- **TASK BRIEF**
Retype, with no pictures, each line from the one that holds "this 1280×1440 image." through the last line of the entries below, both included.
━━ INPUT MATERIAL
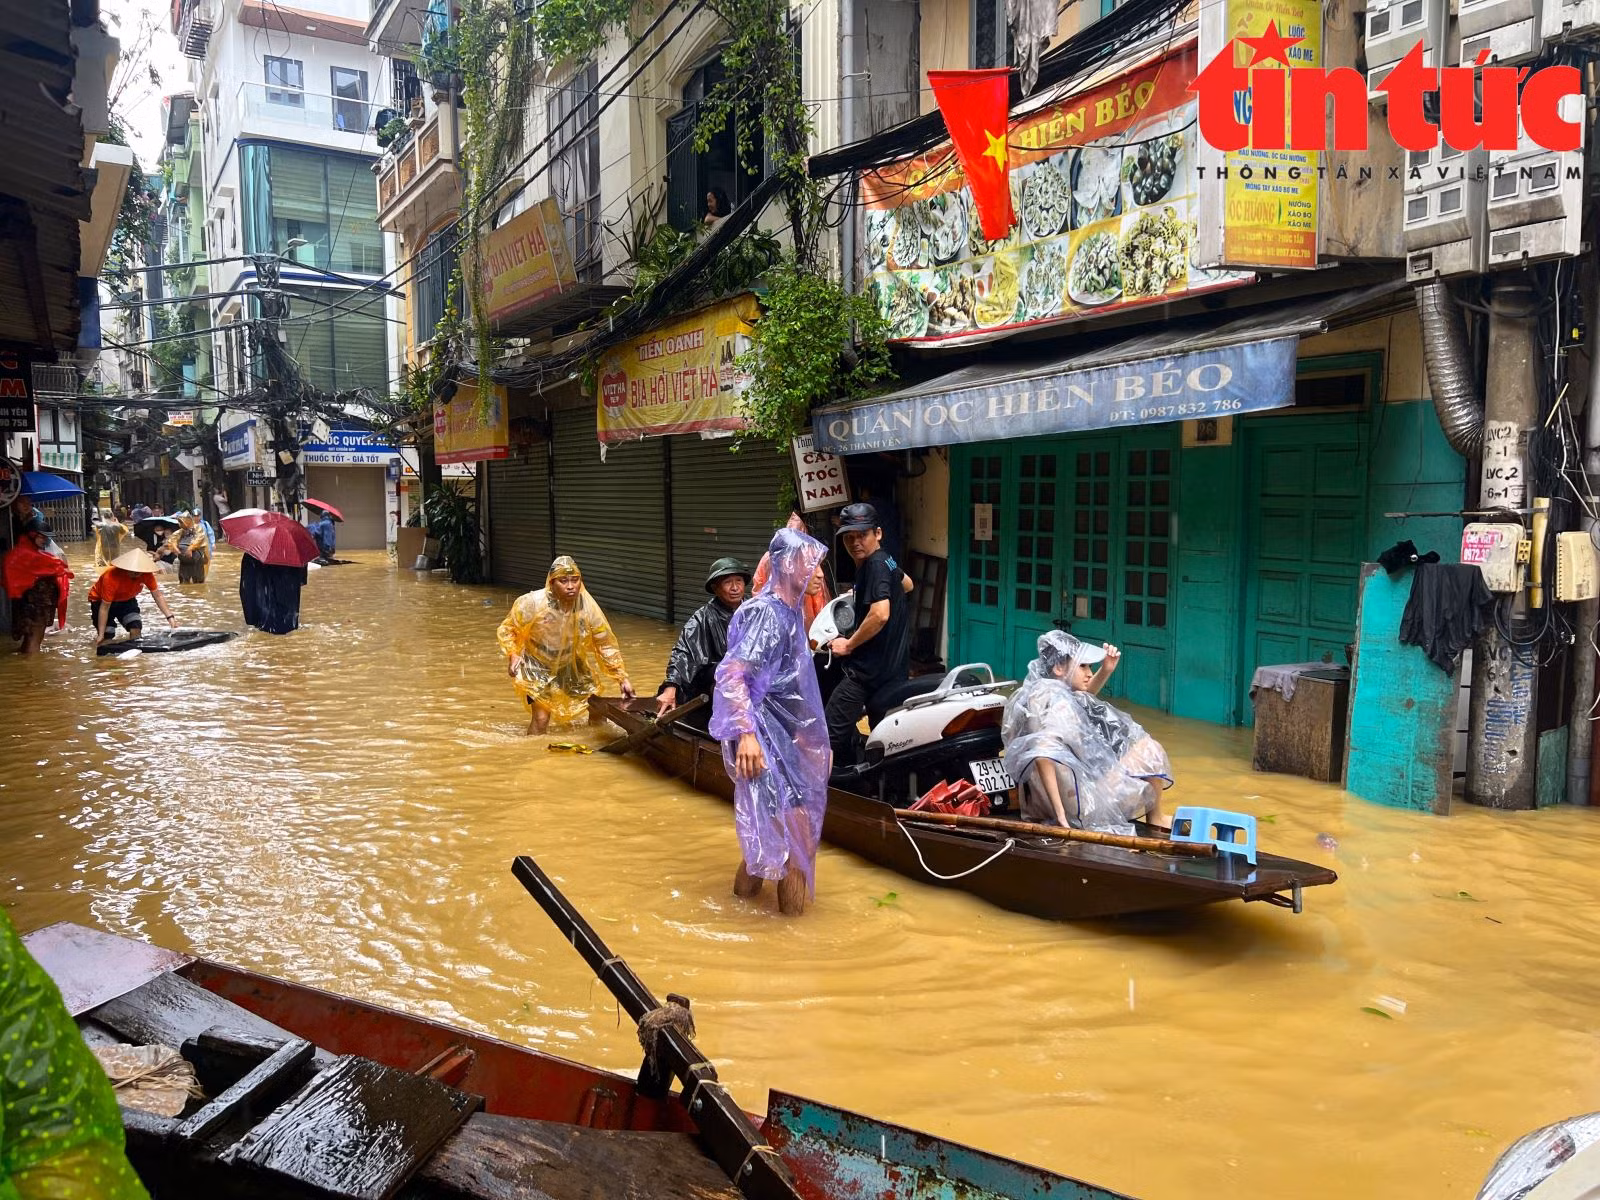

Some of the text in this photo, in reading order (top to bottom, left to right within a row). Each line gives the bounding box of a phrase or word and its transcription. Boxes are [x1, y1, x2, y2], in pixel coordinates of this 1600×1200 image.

[1018, 105, 1086, 155] HIỀN
[1094, 80, 1156, 127] BÉO
[638, 328, 705, 361] TIẾN OANH
[631, 379, 647, 408] BIA
[672, 359, 697, 409] VIỆT
[828, 362, 1233, 441] QUÁN ỐC HIỀN BÉO
[1213, 398, 1242, 412] 786
[838, 444, 848, 452] 26
[304, 453, 329, 462] THUỐC
[332, 453, 345, 462] TỐT
[366, 453, 379, 462] TỐT
[805, 484, 843, 501] NAM
[976, 759, 1005, 776] 29-C1
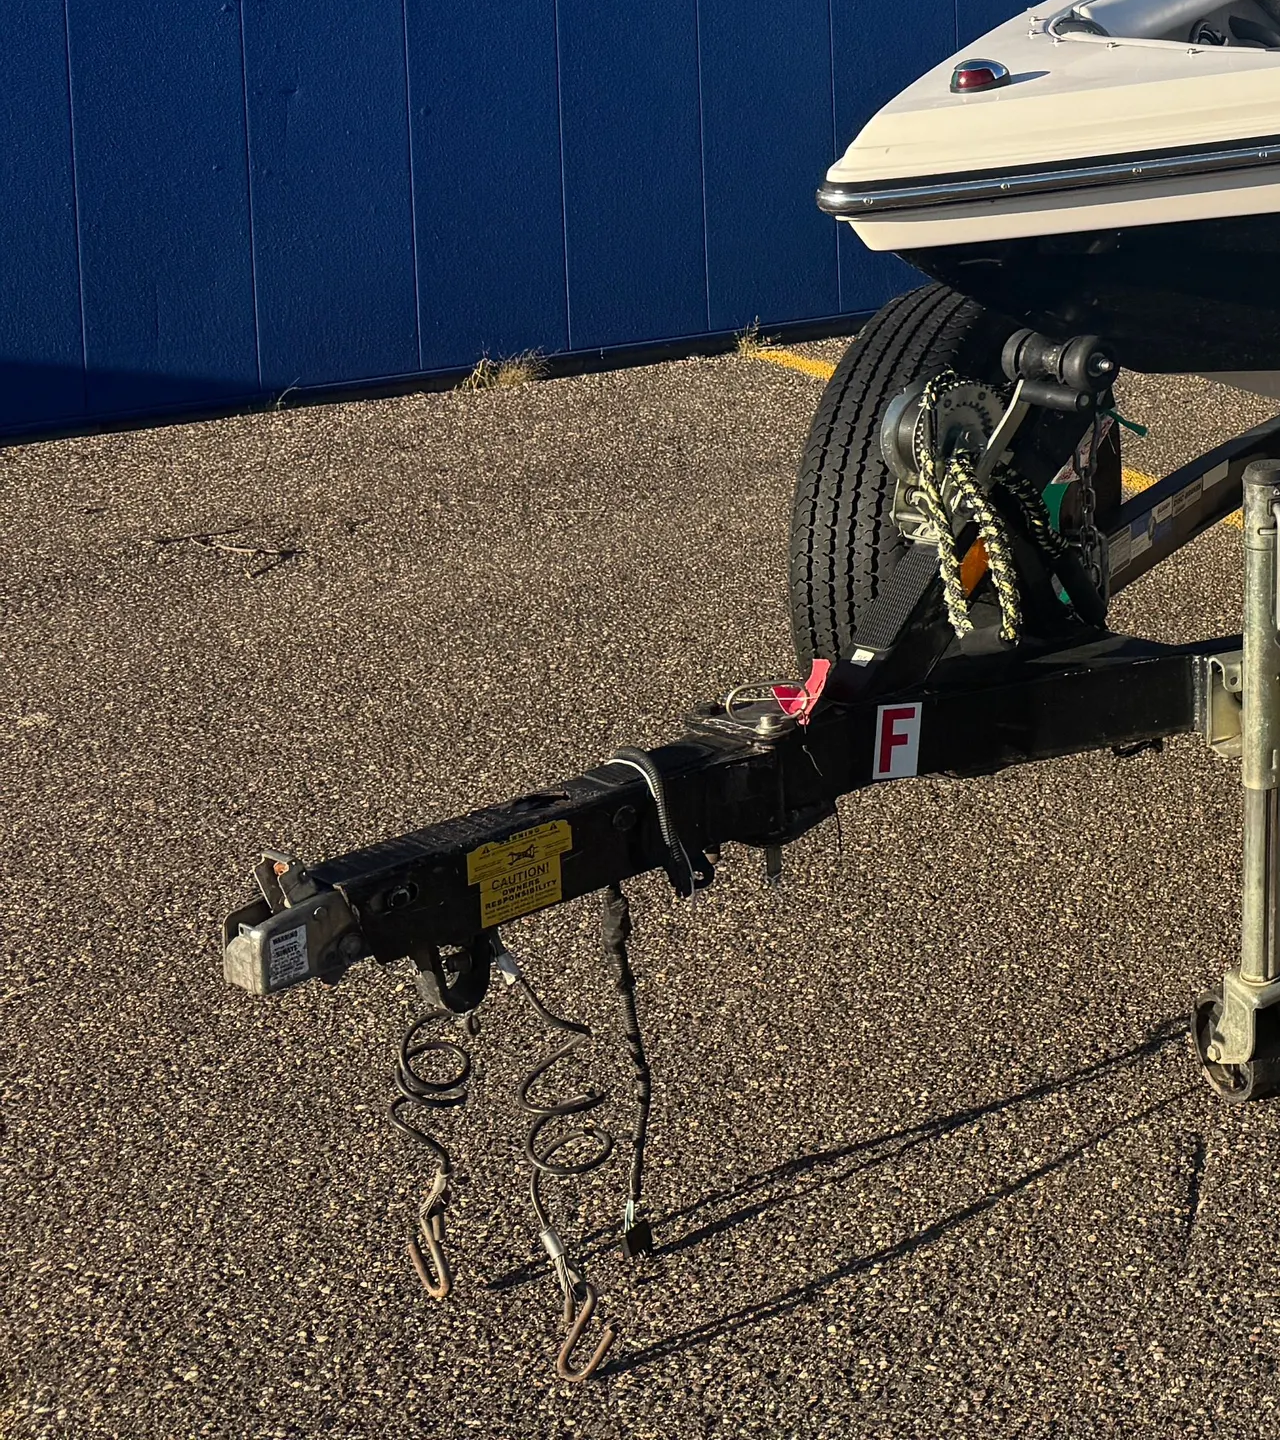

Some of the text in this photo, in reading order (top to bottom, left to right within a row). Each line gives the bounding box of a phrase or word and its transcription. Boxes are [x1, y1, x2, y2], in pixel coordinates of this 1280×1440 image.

[879, 707, 916, 773] F
[492, 862, 549, 890] CAUTION!
[502, 878, 540, 896] OWNERS
[485, 880, 557, 910] RESPONSIBILITY
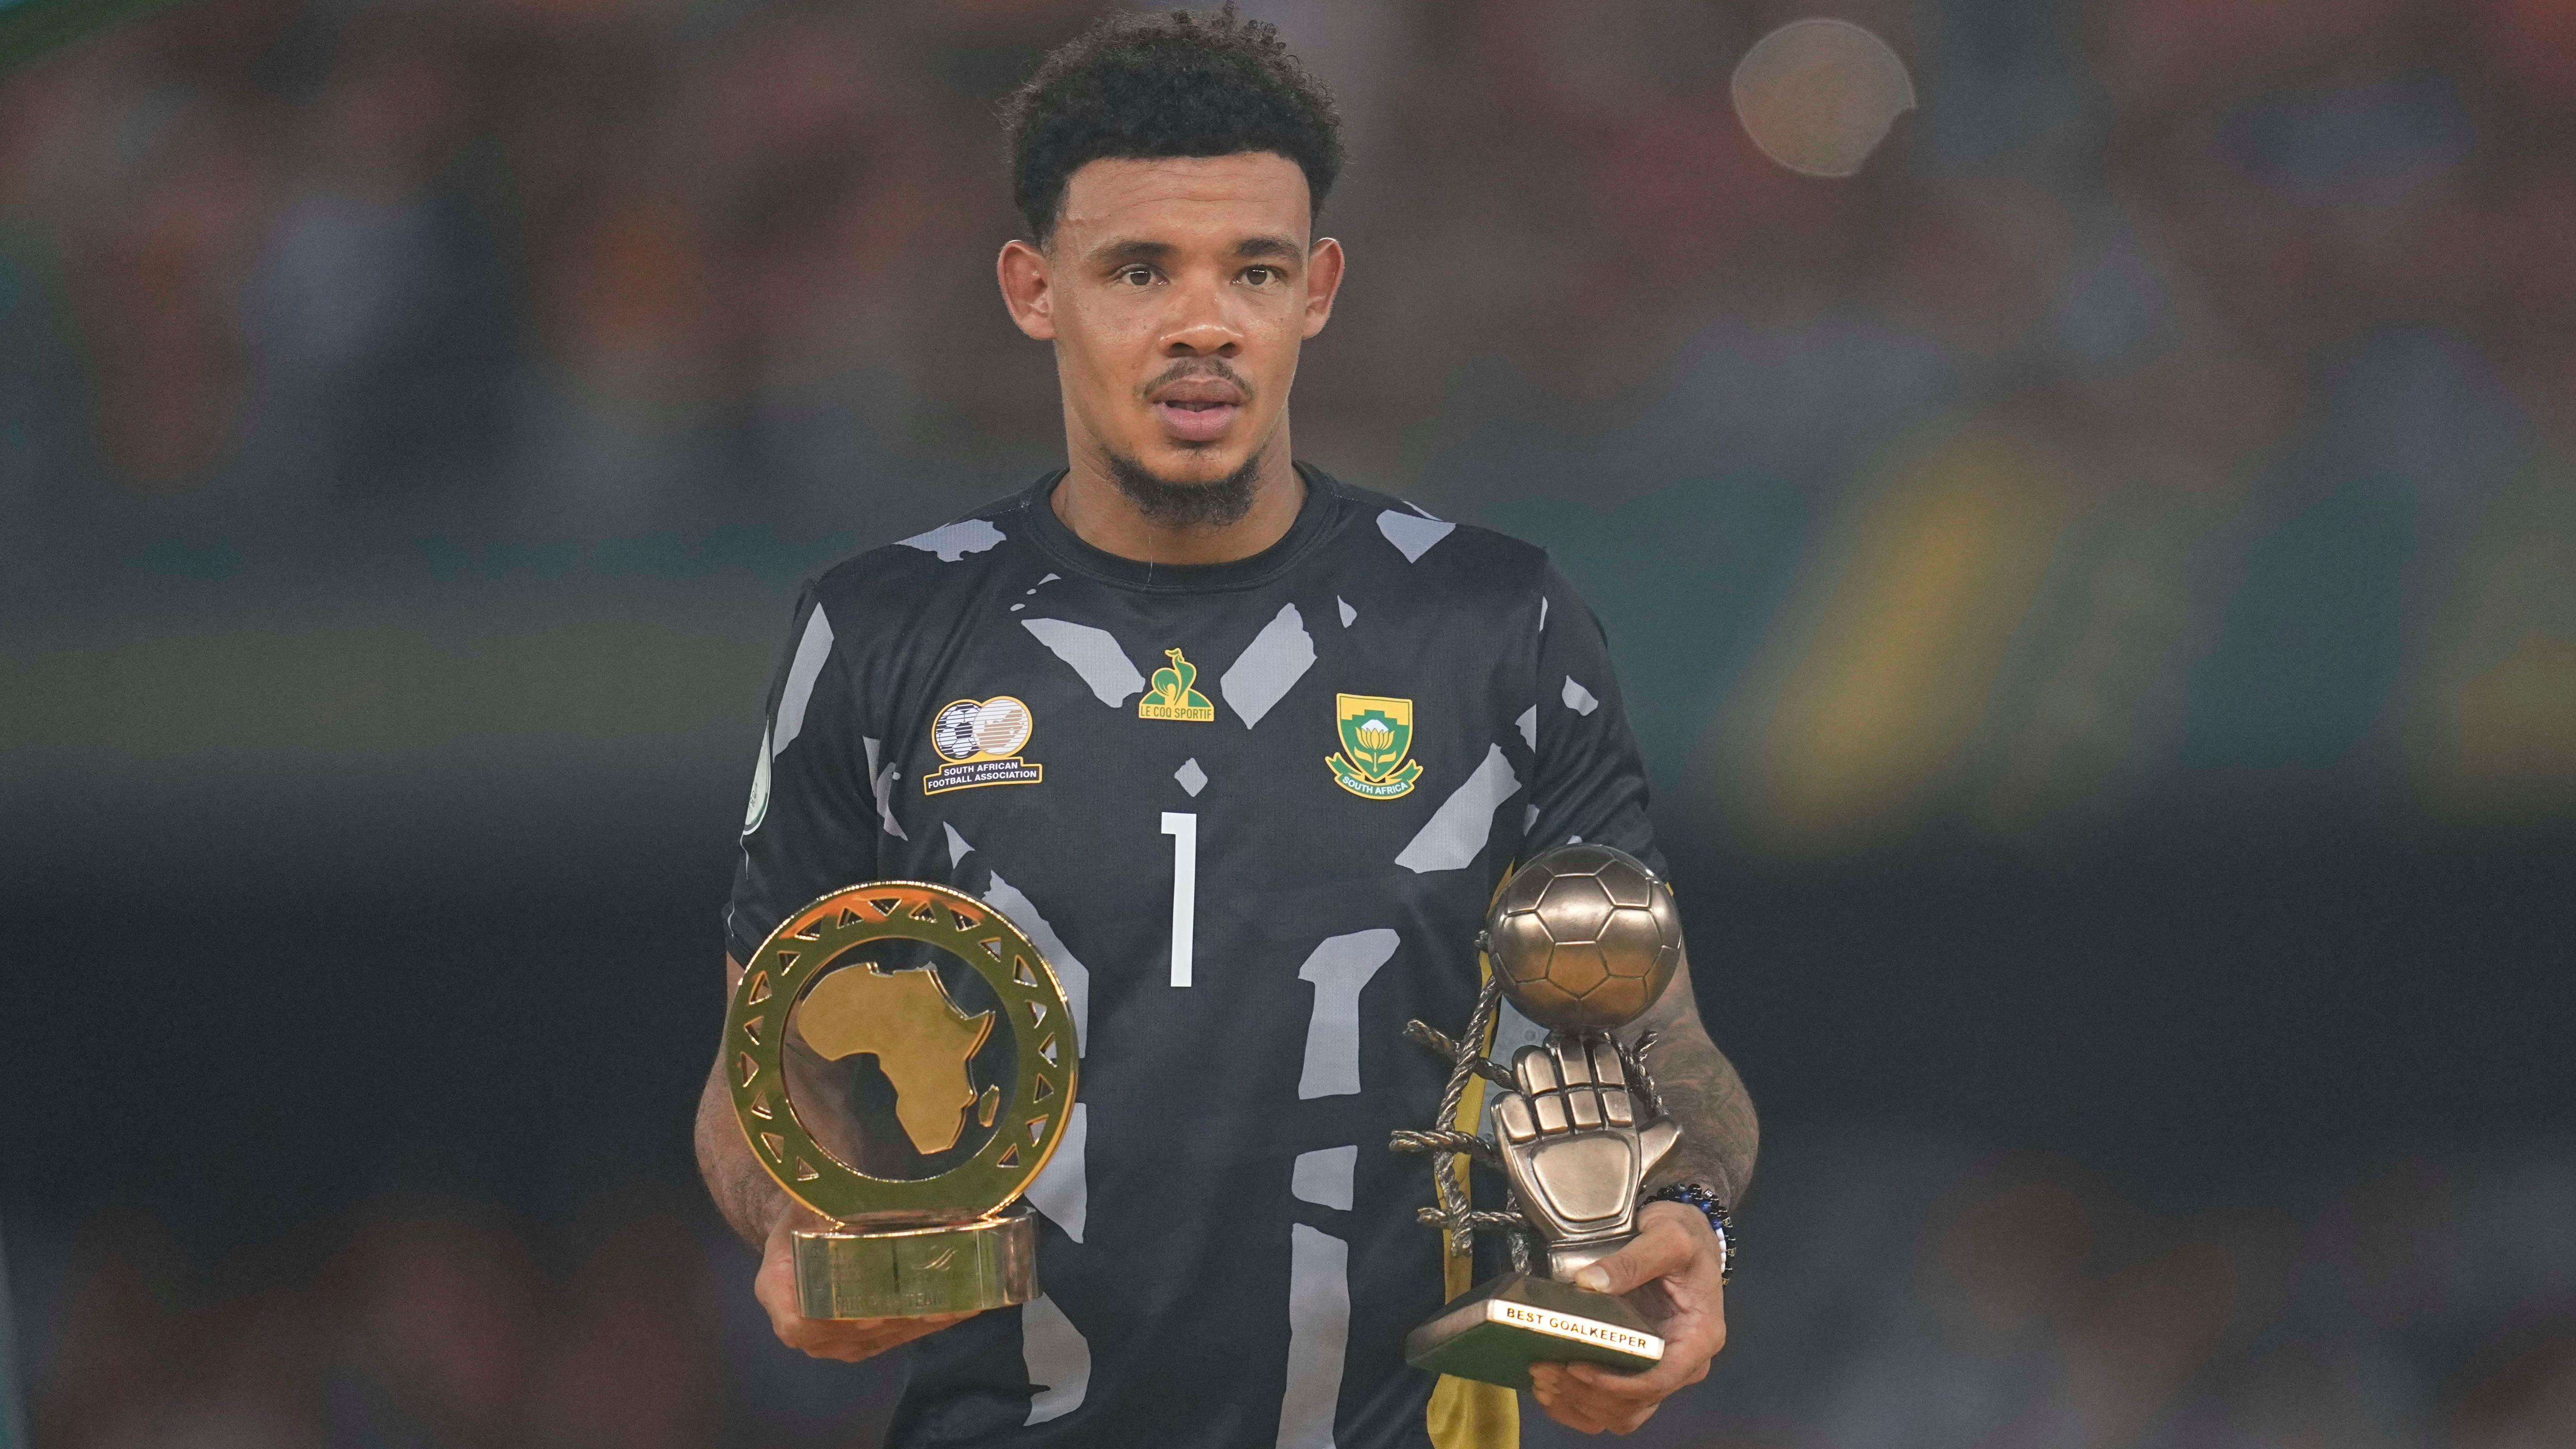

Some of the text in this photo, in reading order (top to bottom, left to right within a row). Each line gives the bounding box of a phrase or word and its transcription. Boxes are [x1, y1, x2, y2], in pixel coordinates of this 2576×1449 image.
━━━━
- **WRITTEN RESPONSE**
Some of the text in this photo, in reading order (top to bottom, left to right within a row). Each line gives the bounding box of a phrase or word and its transcription. Boxes are [x1, y1, x2, y2], in pixel coordinates of this 1280×1440 image.

[879, 707, 916, 773] F
[492, 862, 549, 890] CAUTION!
[502, 878, 540, 896] OWNERS
[485, 880, 557, 910] RESPONSIBILITY

Some of the text in this photo, in reading order (top to bottom, left to right within a row). Each line gives the bounding box of a phrase or word and its transcription. Boxes are [x1, y1, x2, y2], in pixel coordinates of this 2576×1449 image.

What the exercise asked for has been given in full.